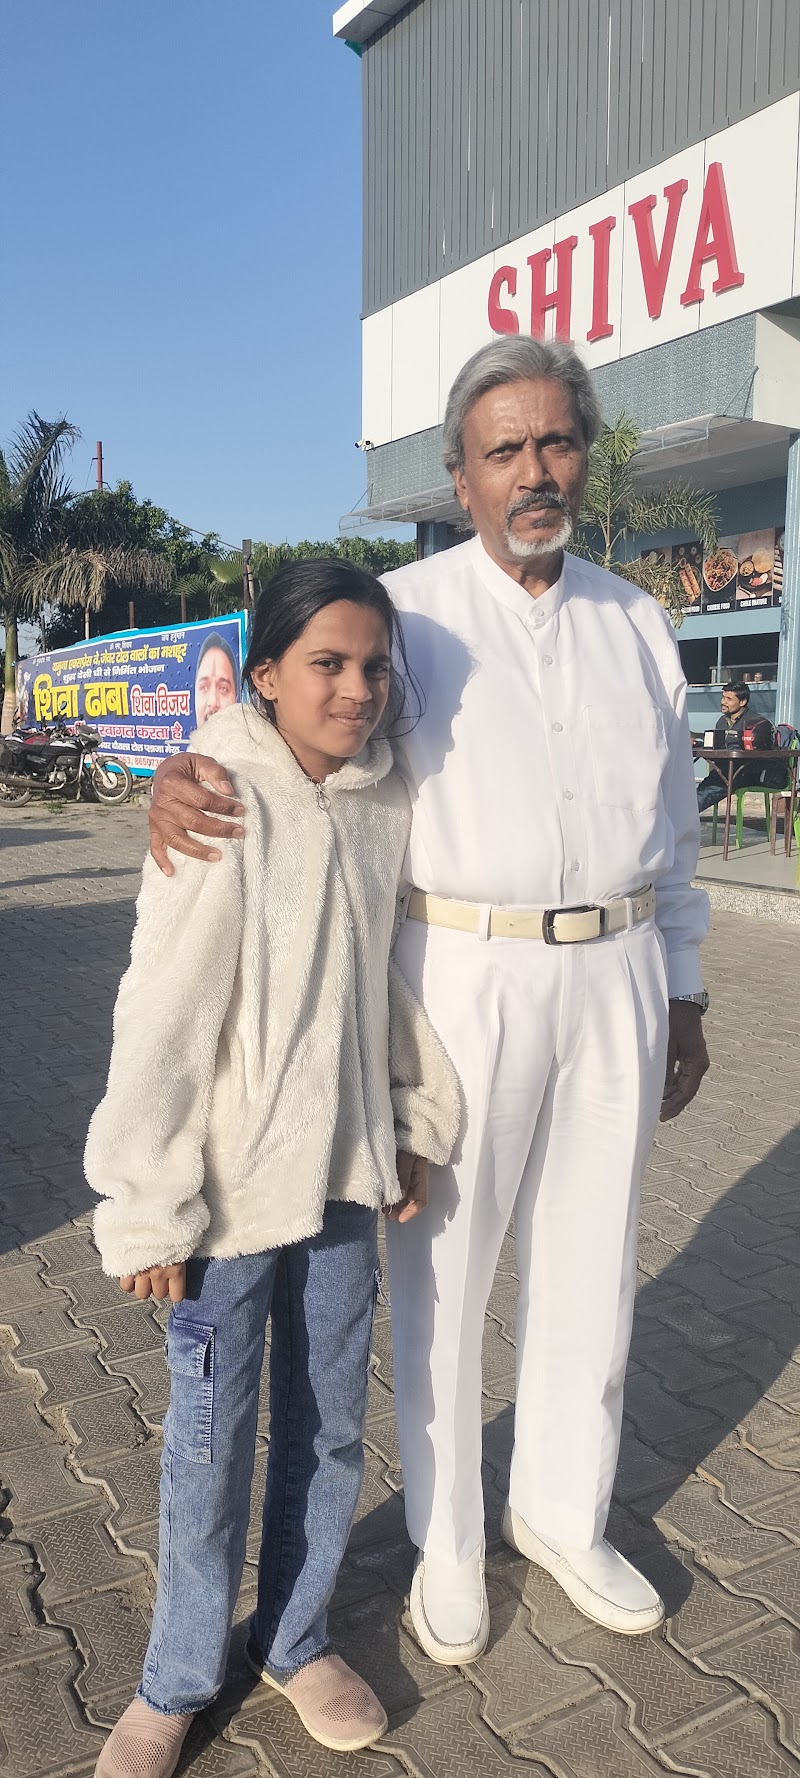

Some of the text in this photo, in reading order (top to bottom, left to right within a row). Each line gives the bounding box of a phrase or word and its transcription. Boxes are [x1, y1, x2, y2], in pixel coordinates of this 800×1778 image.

[488, 161, 745, 347] SHIVA
[116, 647, 129, 663] टोल
[130, 643, 148, 662] वालों
[148, 646, 160, 660] का
[161, 643, 188, 663] मशहूर
[93, 667, 102, 677] घी
[103, 666, 111, 676] से
[138, 663, 165, 674] भोजन
[33, 673, 190, 721] शिवा ढाबा शिवा विजय
[98, 724, 135, 738] स्वागत
[136, 725, 169, 739] करता
[171, 720, 183, 740] है
[131, 741, 143, 752] टोल

→ What is required
Where a picture appears, skip it and copy the rest of the data word for word.

→ Answer section
Some of the text in this photo, in reading order (top to bottom, left to right within a row). Each line gives the bounding box of a phrase or word and its transcription. Boxes are [x1, y1, x2, y2], in pixel coordinates of this 800×1778 image.

[488, 161, 745, 347] SHIVA
[116, 647, 129, 663] टोल
[130, 643, 148, 662] वालों
[148, 646, 160, 660] का
[161, 643, 188, 663] मशहूर
[93, 667, 102, 677] घी
[103, 666, 111, 676] से
[138, 663, 165, 674] भोजन
[33, 673, 190, 721] शिवा ढाबा शिवा विजय
[98, 724, 135, 738] स्वागत
[136, 725, 169, 739] करता
[171, 720, 183, 740] है
[131, 741, 143, 752] टोल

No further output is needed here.